EXTRACTED MATERIAL:
+++

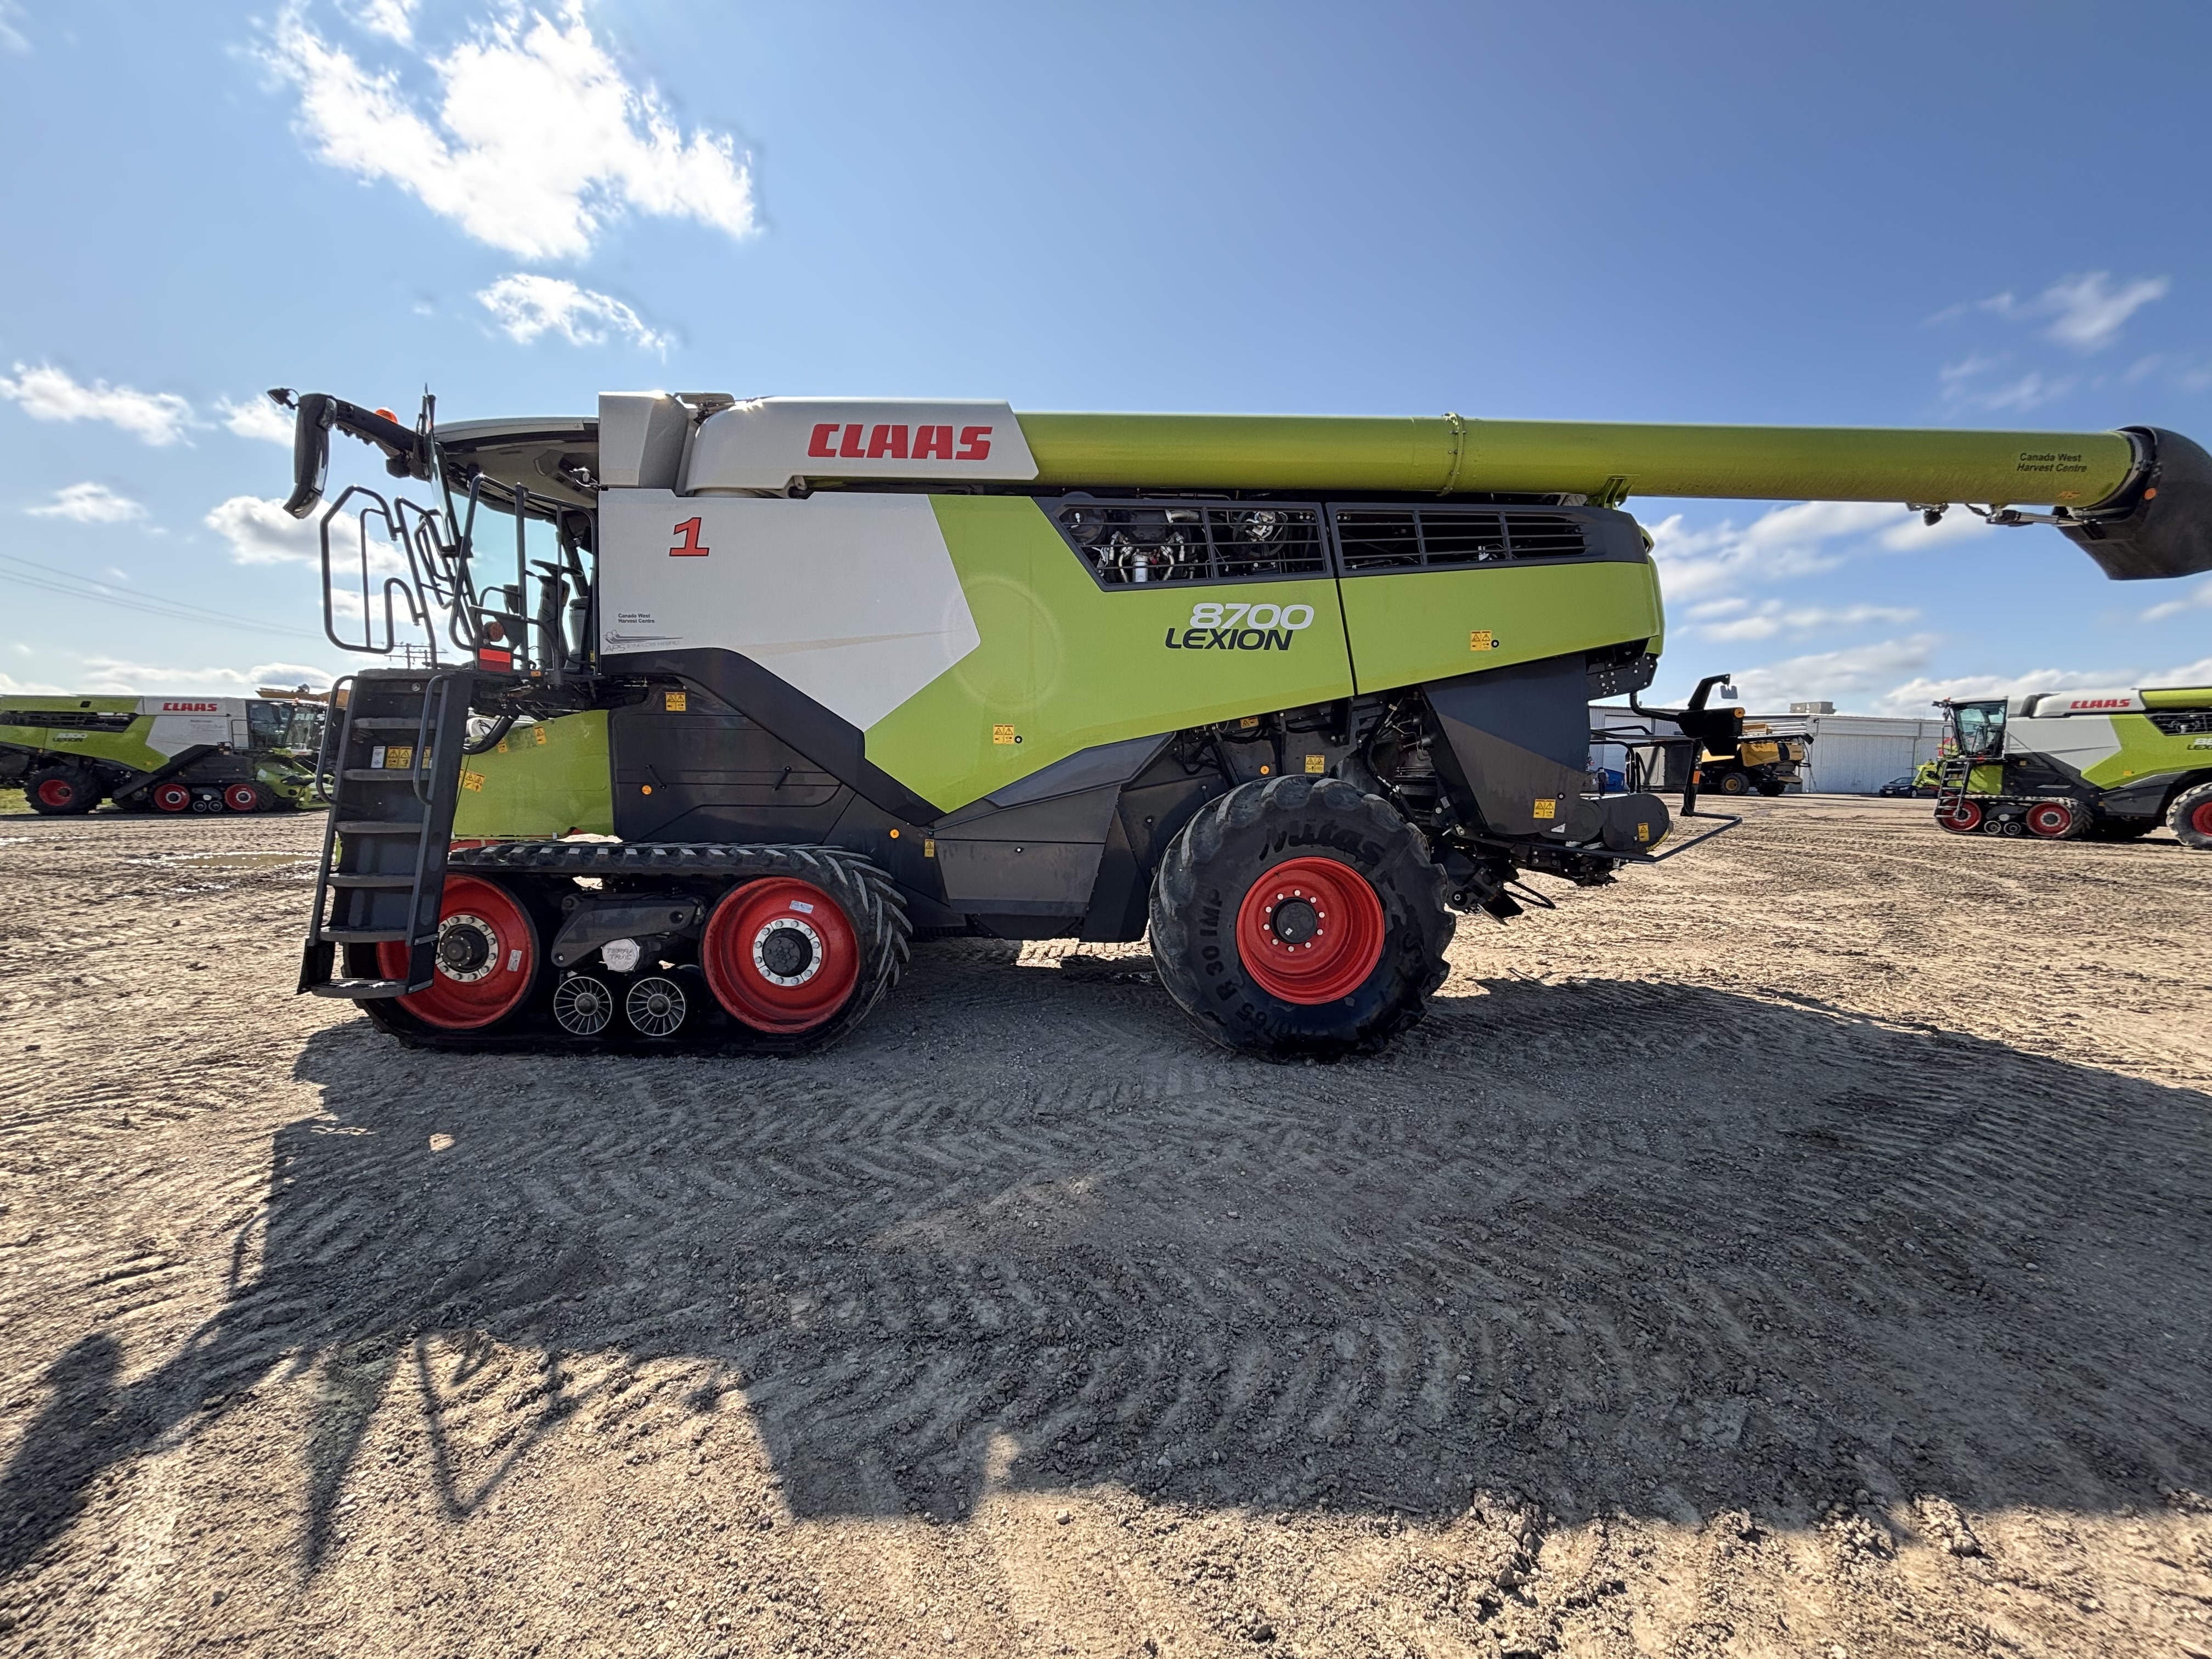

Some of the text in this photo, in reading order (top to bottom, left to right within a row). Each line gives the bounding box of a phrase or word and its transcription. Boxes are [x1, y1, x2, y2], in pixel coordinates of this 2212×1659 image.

[807, 423, 993, 460] CLAAS
[2020, 453, 2081, 461] Canada West
[2017, 463, 2087, 472] Harvest Centre
[669, 517, 710, 557] 1
[1189, 602, 1314, 630] 8700
[1165, 628, 1294, 651] LEXION
[604, 644, 625, 652] APS
[162, 702, 218, 712] CLAAS
[2070, 698, 2132, 709] CLAAS

+++

REQUIREMENT: Copy the records exactly, minus any pictures.

PROBLEM SOLUTION:
Some of the text in this photo, in reading order (top to bottom, left to right within a row). Each line gives the bounding box of a phrase or word and its transcription. Boxes are [x1, y1, x2, y2], in pixel coordinates of this 2212×1659 image.

[807, 423, 993, 460] CLAAS
[2020, 453, 2081, 461] Canada West
[2017, 463, 2087, 472] Harvest Centre
[669, 517, 710, 557] 1
[1189, 602, 1314, 630] 8700
[1165, 628, 1294, 651] LEXION
[604, 644, 625, 652] APS
[162, 702, 218, 712] CLAAS
[2070, 698, 2132, 709] CLAAS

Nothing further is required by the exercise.